__Dataset items__.
_ _ _ _ _
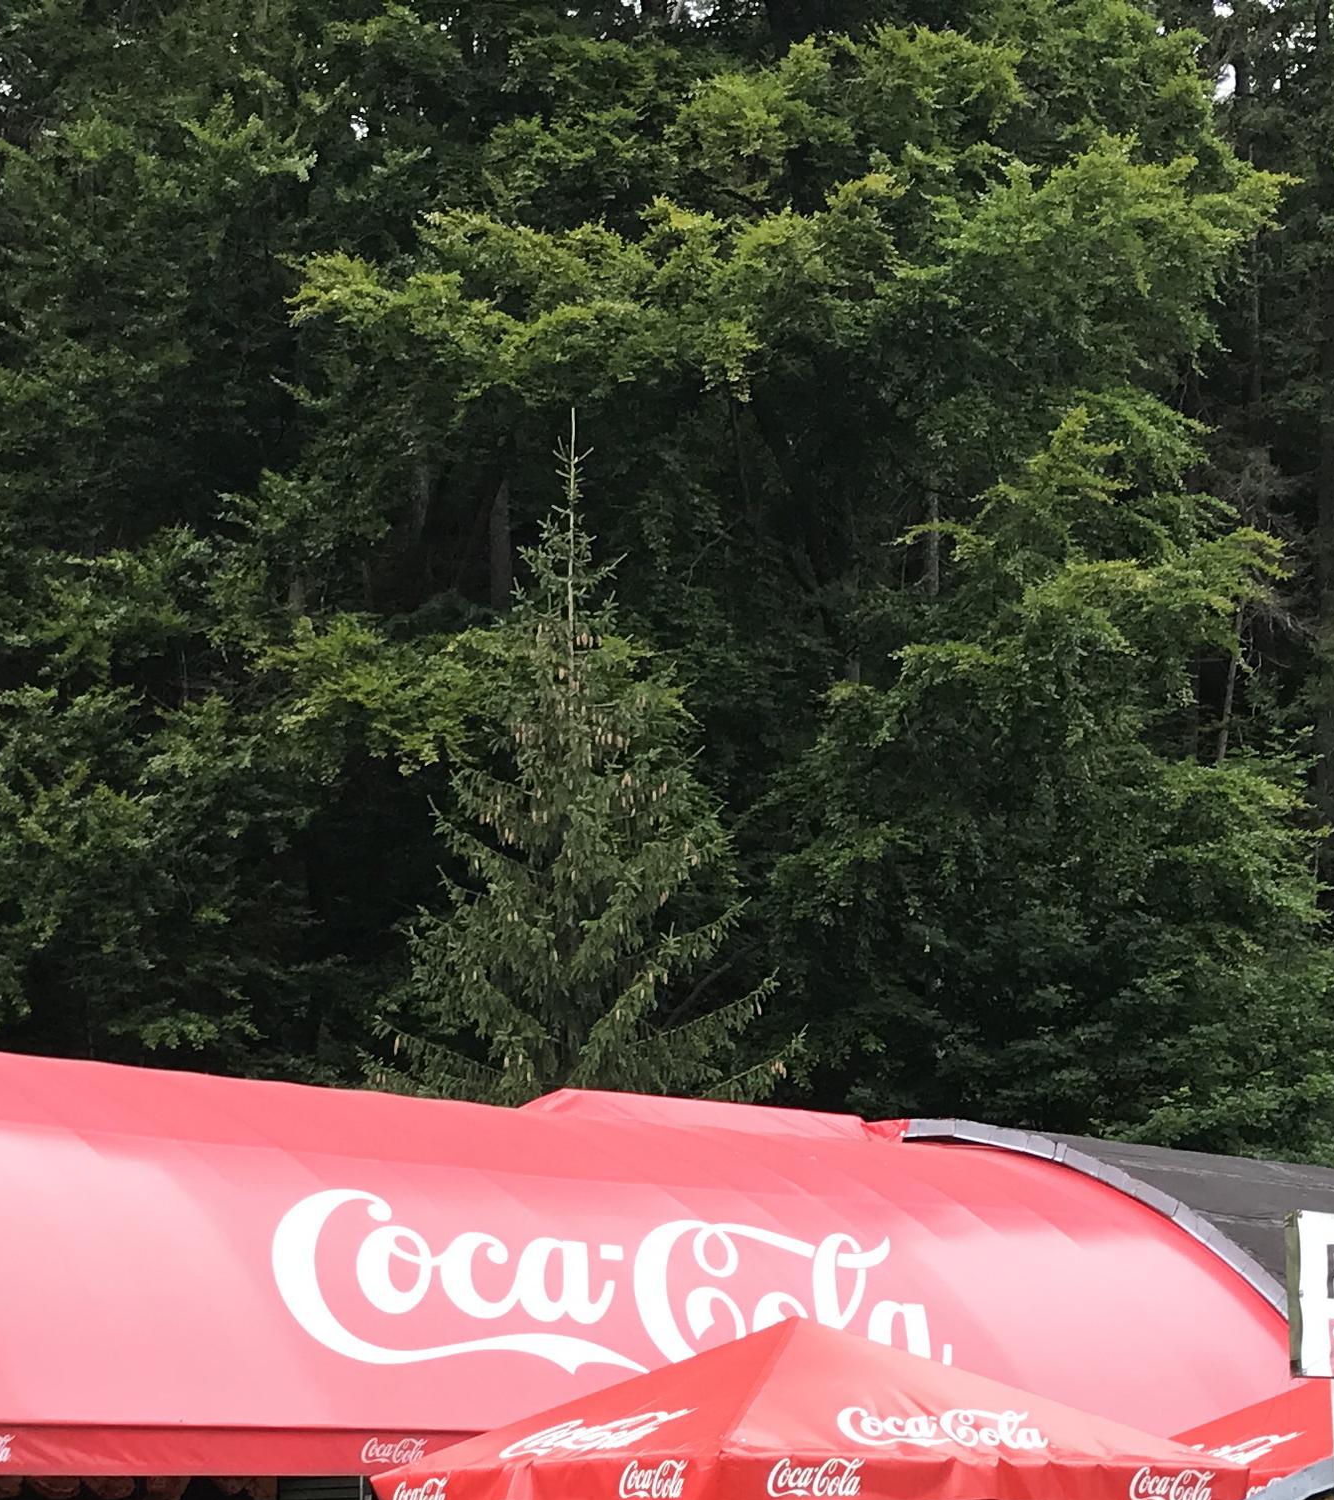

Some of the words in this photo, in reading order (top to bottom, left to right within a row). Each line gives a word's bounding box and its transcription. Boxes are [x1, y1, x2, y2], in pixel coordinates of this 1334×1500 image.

[836, 1406, 1057, 1451] Coca-Cola
[361, 1437, 429, 1465] Coca-Cola
[619, 1459, 689, 1499] Coca-Cola
[766, 1456, 868, 1498] Coca-Cola
_ _ _ _ _
Please copy the lines above exactly as written, apart from any pictures.

__EXERCISE ANSWER__.
Some of the words in this photo, in reading order (top to bottom, left to right within a row). Each line gives a word's bounding box and its transcription. Boxes are [x1, y1, x2, y2], in pixel coordinates of this 1334×1500 image.

[836, 1406, 1057, 1451] Coca-Cola
[361, 1437, 429, 1465] Coca-Cola
[619, 1459, 689, 1499] Coca-Cola
[766, 1456, 868, 1498] Coca-Cola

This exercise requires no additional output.